Awal Perjalanan : PART 1 - FULL STORY - ANICRAFT SERIES - Chapter = Selamatkan Tuan Putri -
NOTE PENTING : Cerita Pendek Anicraft ini adalah “Filler”, dimana tidak offcial masuk ke cerita “Anicraft Series”
Tapi karakter2 dan berbagai Cerita penting disini akan tetap terhubung di “Anicraft Series”
Timeline Cerita : Sesudah Anicraft Movie. Sebelum Anicraft Series
“Ehmmm…” Seorang gadis perempuan terbangun dari tidurnya. Dia terduduk diam diatas tempat tidurnya. Lalu, berdiri dan berjalan menuju arah jendela.
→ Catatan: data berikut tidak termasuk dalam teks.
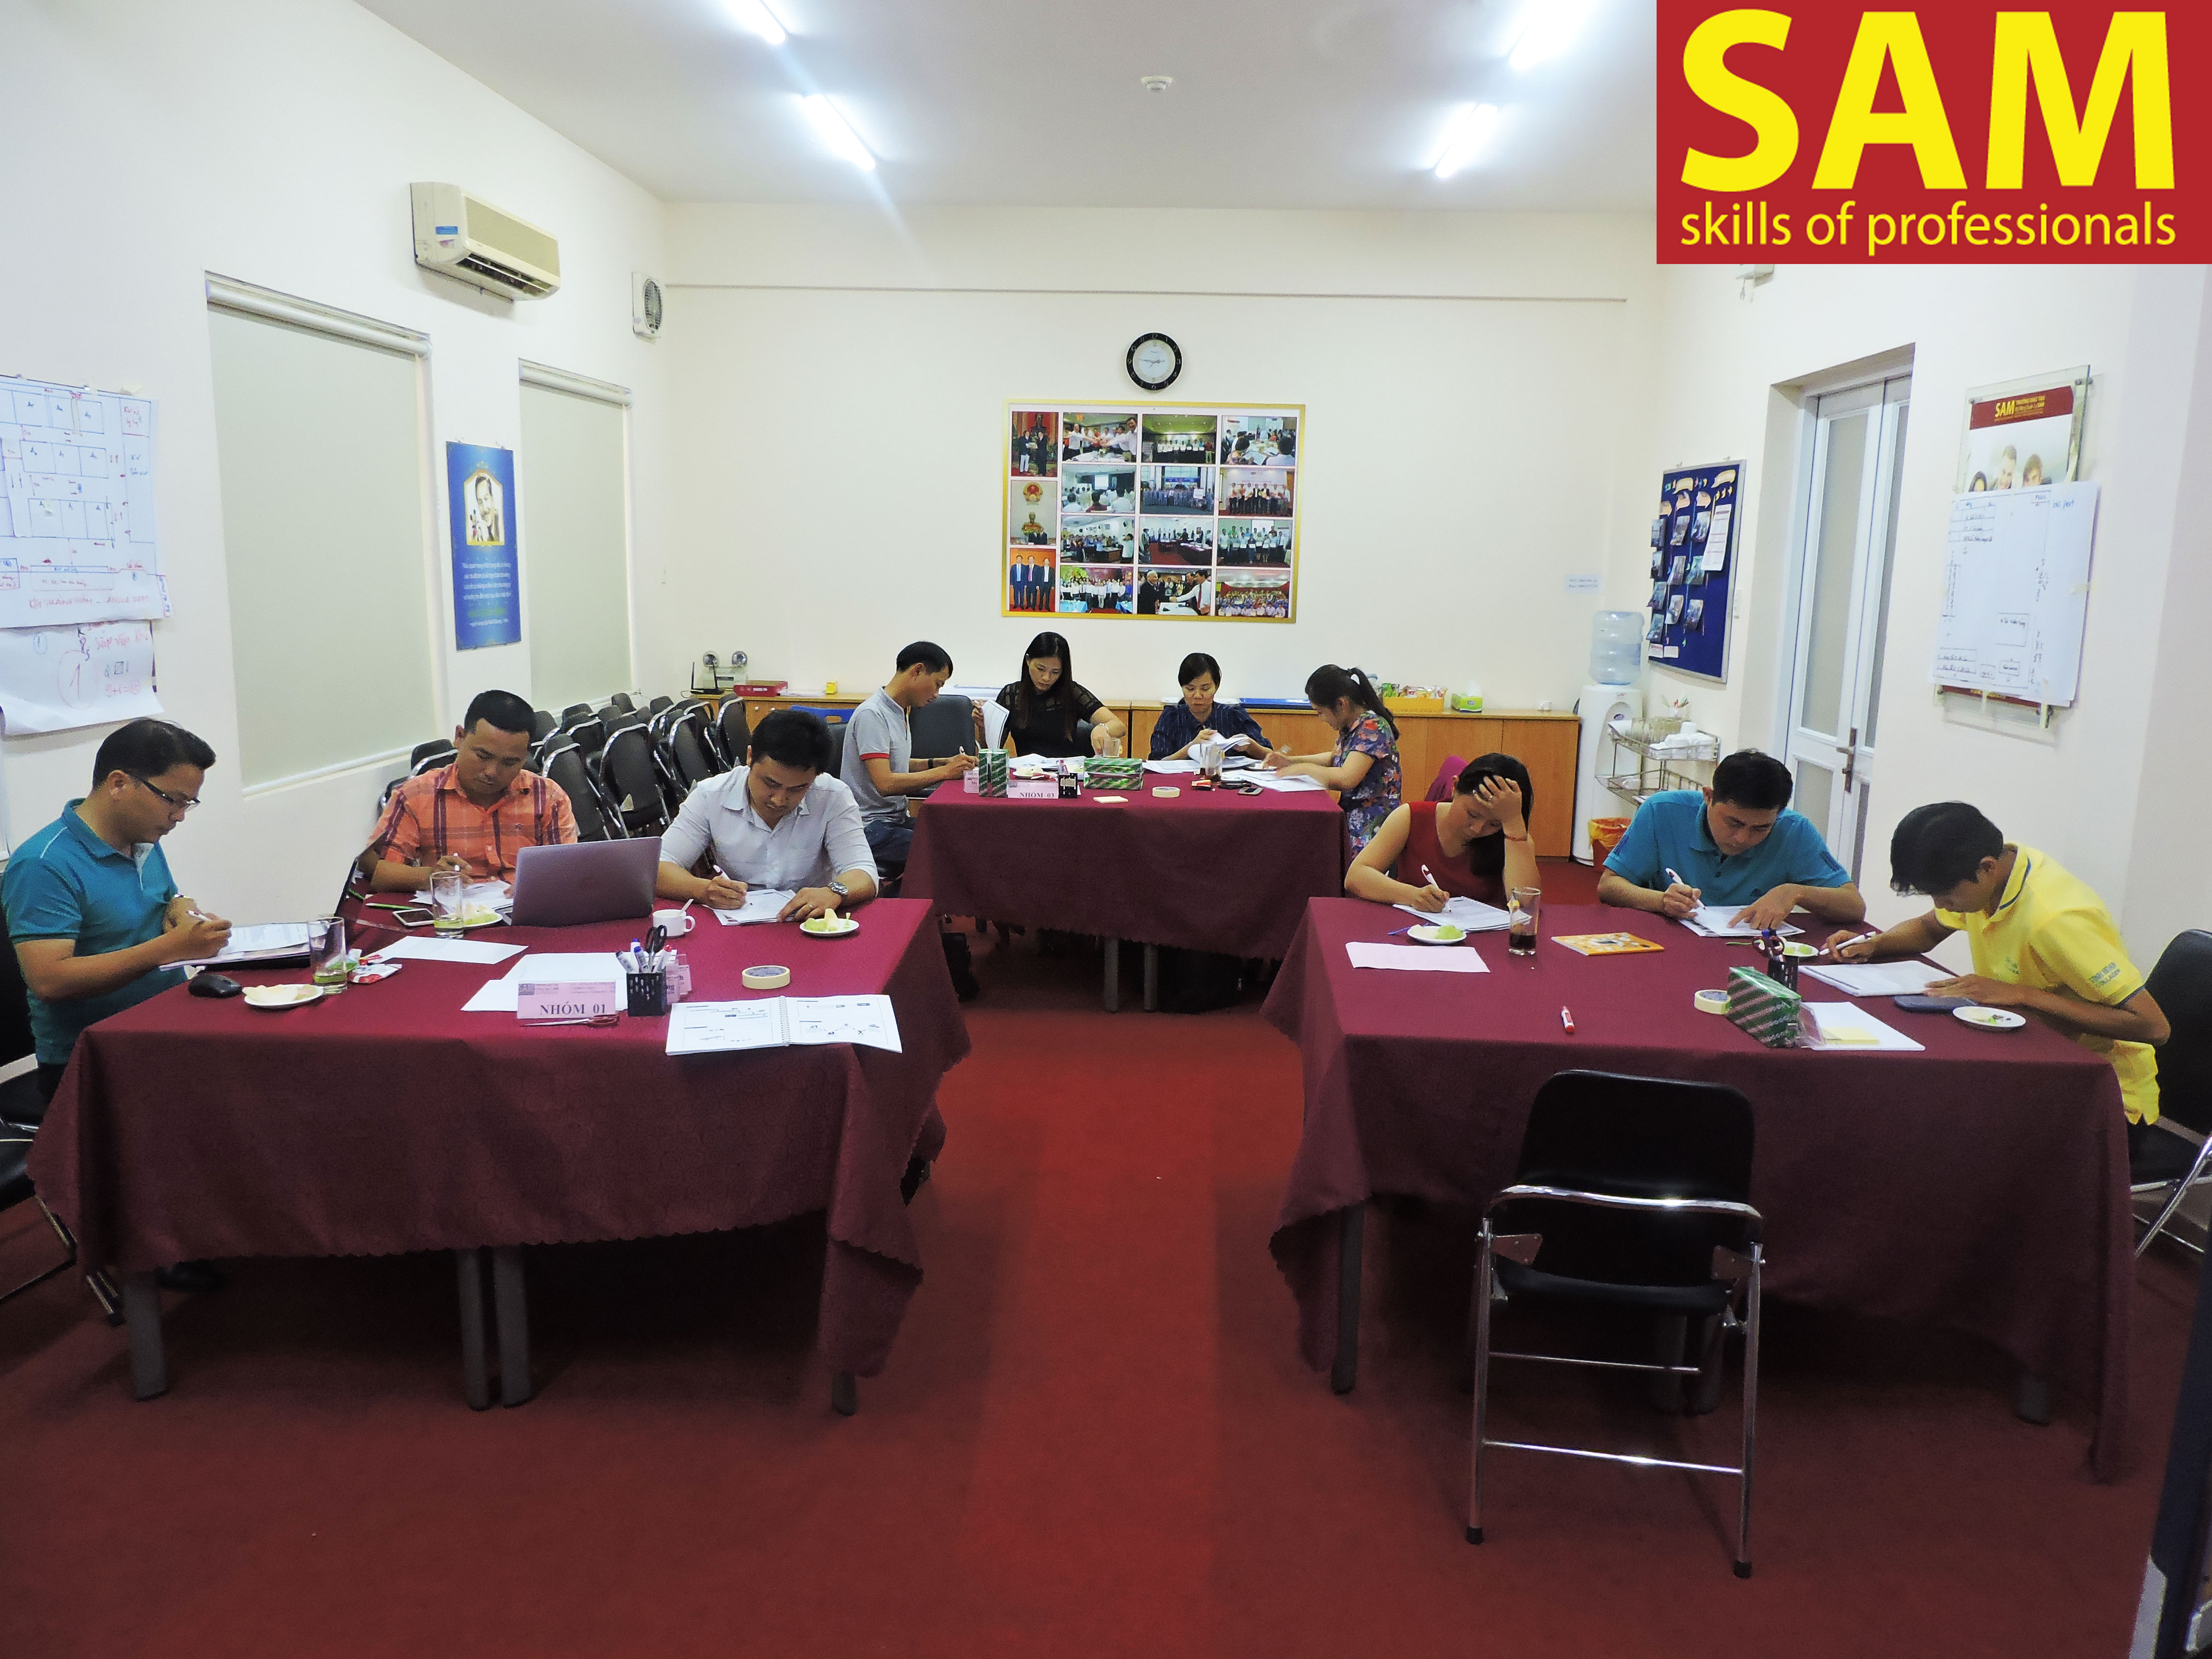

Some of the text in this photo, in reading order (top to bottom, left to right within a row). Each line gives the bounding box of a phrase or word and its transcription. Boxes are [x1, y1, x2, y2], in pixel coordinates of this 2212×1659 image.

Dia menatap langit malam yang begitu indah dengan ribuan bintangnya. Gadis bergaun...
•
•
•
•
FULL STORY – ANICRAFT SERIES
PART 1 : Awal Perjalanan
Character by Romansyah, Azuya Surya, Blanemist, Hudacho, dkk.
Story : Amalia Farissa Devy
•
•
•
•
Ketika sore itu, para Anicraft sedang perjalanan menuju desa selanjutnya dengan melewati sebuah hutan. Pohon demi pohon mereka lewati di hutan itu. Namun mereka ketambahan 1 orang, yaitu Eben. Mereka saling berkenalan dan memperlihatkan kelebihan masing-masing.
“Jadi, namamu Eben?” Tanya Roman demikian. Anak berkemeja biru itu mengangguk.
“Kelebihanmu apa, Eben?” Blane bertanya. Eben mengambil pancing yang dia bawa dipunggungnya, “Kemampuanku bisa ku lakukan dengan pancingan ini.” Katanya jelas. Semua menatapnya heran, terutama Azuya yang menatap aneh pancingannya itu.
“Hm? Apa hebatnya pancinganmu ini? Terlihat biasa saja,” guman Azuya heran.
Akhirnya Eben menggunakan pancingannya itu. Dia melempar kali pancingnya ke atas pohon. Namun, semua terdiam setelah menunggu beberapa detik kemudian ternyata tidak terjadi apa-apa. Azuya menganggap trik yang dilakukan Eben tidak berhasil. Dia tertawa keras. “Haha! Tidak terjadi apa-apa.”
Eben membalasnya dengan senyum tipis, lalu menarik pancingnya perlahan. “Lalu, dimana pedangmu?” Azuya yang bingung dengan pertanyaannya itu menoleh ke punggungnya. Pedangnya tidak berada disana. “Lah? Dimana pedangku?”
Lalu terlihat kail pancing Eben yang baru turun dari atas pohon menyangkutkan pedang elemen milik Azuya itu. Seketika mereka terkagum-kagum melihatnya.
“Wah, hebat sekali!” Blane memujinya. Eben hanya menggaruk kepalanya karena malu, lalu mengembalikan pedang milik Azuya itu. “Boleh juga,” gumam Azuya sambil menyenggolnya bahunya pelan.
“Nah, sekarang, coba kalian memperkenalkan diri. Lalu, beritahu kelebihan dari kalian berempat.” Kata Eben penasaran. Roman pun mau tidak mau memperkenalkan diri lebih dulu, “Namaku Roman. Aku ahli dalam berbagai macam alat dari redstone. Misalnya, seperti ini.”
Roman mengeluarkan alat-alatnya, lalu membuat mesin untuk penembak panah otomatis. Namun ketika beberapa panah dikeluarkan, dia tidak menyadari bahwa panah-panah tersebut ternyata mengarah ke Huda. “Huda! Awas!”
“Hah?!” Huda yang terkejut karena teriakannya, berusaha menghindari serangan Roman. Ketika penembak otomatis itu dihentikan oleh Roman, terlihat Huda berdiri terdiam dengan posisi anehnya di dekat pohon. Panah-panah itu hampir saja mengenai dirinya. Blane dan Azuya tertawa melihat posisinya yang menggigil ketakutan.
Roman membantu Huda mencabut beberapa panah yang tertancap di pohon tersebut. “Lain kali hati-hati ya Roman,” ucap Huda sambil mengembalikan beberapa panah milik Roman tersebut. “Hehe, iya maaf.” Roman tersenyum malu.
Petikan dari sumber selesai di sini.